If our feeling world had a motto it would be: “Feel and express your feeling in a safe and healthy way UNTIL your feelings no longer needed to be felt or expressed.”

Only our feelings know what they need. How would you react if someone else were to tell you when, what and how much to eat, sleep, use the bathroom or in fact any other function of our human experience?  Yet it seems quite acceptable throughout society to police another’s feeling world. Such policing eventually imprints on us, a system of checks and balances that has us automatically dividing our feelings into categories of good and bad, right and wrong. Society has learned to morally outlaw some of our feelings, yet it cannot make the feeling disappear. It just forces them to hide away under a blanket of shame or guilt.
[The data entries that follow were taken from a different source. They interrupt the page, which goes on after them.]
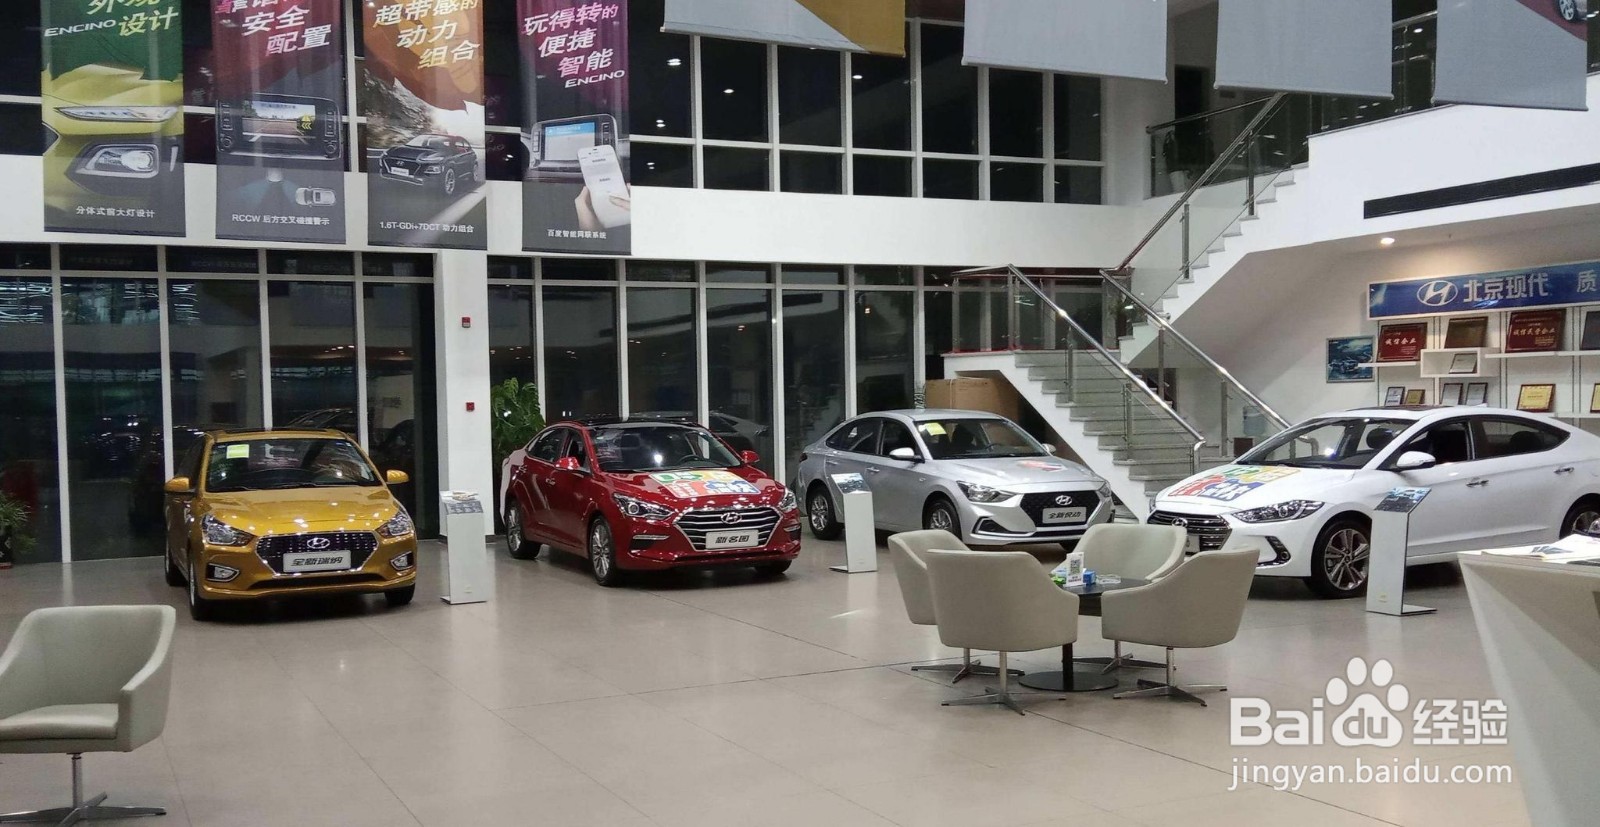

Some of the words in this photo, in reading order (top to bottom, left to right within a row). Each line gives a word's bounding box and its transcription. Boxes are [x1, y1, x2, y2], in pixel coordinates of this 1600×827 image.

[44, 19, 117, 37] ENCINO
[118, 6, 179, 36] 设计
[241, 4, 310, 37] 安全
[522, 2, 619, 36] 玩得转的
[265, 24, 332, 56] 配置
[396, 20, 458, 48] 动力
[538, 27, 598, 58] 便捷
[417, 40, 481, 69] 组合
[558, 48, 614, 78] 智能
[564, 70, 625, 89] ENCINO
[76, 205, 156, 219] 分体式前大灯设计
[232, 213, 261, 223] RCCW
[442, 223, 475, 234] 动力组合
[547, 228, 607, 240] 百度智能网联系统
[1463, 272, 1549, 303] 北京现代
[1576, 269, 1598, 293] 质
Like the story of the man walking the hills with a stone in his boot. After a short time of walking he feels a pain, but thinks it must be just his new boots that need walking in and continues, walking through the pain. Alongside the fact that it’s raining, he’s running late and his buddies keep telling him to stop complaining and being such a wimp. What would eventually happen if he never stopped to remove his boots? Sleeping in his boots and continuing day after day, the stone unreleased would create a blister which untreated would burst and bleed. Ignoring it further it would become infected and eventually gangrene would set in. In advanced stages he would go into shock where his symptoms would become life threatening and maybe then his friends would take his complaining seriously and medical intervention would be sought. In this comparison it is the gangrene or shock that is the “mental health”, the stone an ignored feeling.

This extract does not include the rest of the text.